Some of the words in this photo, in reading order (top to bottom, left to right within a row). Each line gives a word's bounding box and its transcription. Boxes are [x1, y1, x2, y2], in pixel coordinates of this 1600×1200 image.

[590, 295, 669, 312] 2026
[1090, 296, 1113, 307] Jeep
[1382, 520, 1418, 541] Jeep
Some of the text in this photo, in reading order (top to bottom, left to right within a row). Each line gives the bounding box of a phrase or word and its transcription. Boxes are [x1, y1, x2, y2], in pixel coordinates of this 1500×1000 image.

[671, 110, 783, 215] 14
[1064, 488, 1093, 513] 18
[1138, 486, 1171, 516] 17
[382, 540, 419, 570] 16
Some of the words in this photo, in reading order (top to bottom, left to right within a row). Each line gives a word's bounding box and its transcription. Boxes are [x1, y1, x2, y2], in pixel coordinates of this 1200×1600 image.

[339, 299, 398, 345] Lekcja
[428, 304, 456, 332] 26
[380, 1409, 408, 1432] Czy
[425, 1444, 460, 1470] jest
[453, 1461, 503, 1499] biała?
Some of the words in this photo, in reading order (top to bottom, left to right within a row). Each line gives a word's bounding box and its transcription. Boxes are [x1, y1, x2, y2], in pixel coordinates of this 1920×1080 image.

## EXERCISE DIRECTIONS
Print all of the data exactly as it stands above.

## RESULT
Some of the words in this photo, in reading order (top to bottom, left to right within a row). Each line gives a word's bounding box and its transcription. Boxes are [x1, y1, x2, y2], in pixel coordinates of this 1600×1200 image.

[590, 295, 669, 312] 2026
[1090, 296, 1113, 307] Jeep
[1382, 520, 1418, 541] Jeep
Some of the text in this photo, in reading order (top to bottom, left to right within a row). Each line gives the bounding box of a phrase or word and its transcription. Boxes are [x1, y1, x2, y2], in pixel coordinates of this 1500×1000 image.

[671, 110, 783, 215] 14
[1064, 488, 1093, 513] 18
[1138, 486, 1171, 516] 17
[382, 540, 419, 570] 16
Some of the words in this photo, in reading order (top to bottom, left to right within a row). Each line gives a word's bounding box and its transcription. Boxes are [x1, y1, x2, y2], in pixel coordinates of this 1200×1600 image.

[339, 299, 398, 345] Lekcja
[428, 304, 456, 332] 26
[380, 1409, 408, 1432] Czy
[425, 1444, 460, 1470] jest
[453, 1461, 503, 1499] biała?
Some of the words in this photo, in reading order (top to bottom, left to right within a row). Each line gives a word's bounding box and its transcription. Boxes are [x1, y1, x2, y2], in pixel coordinates of this 1920×1080 image.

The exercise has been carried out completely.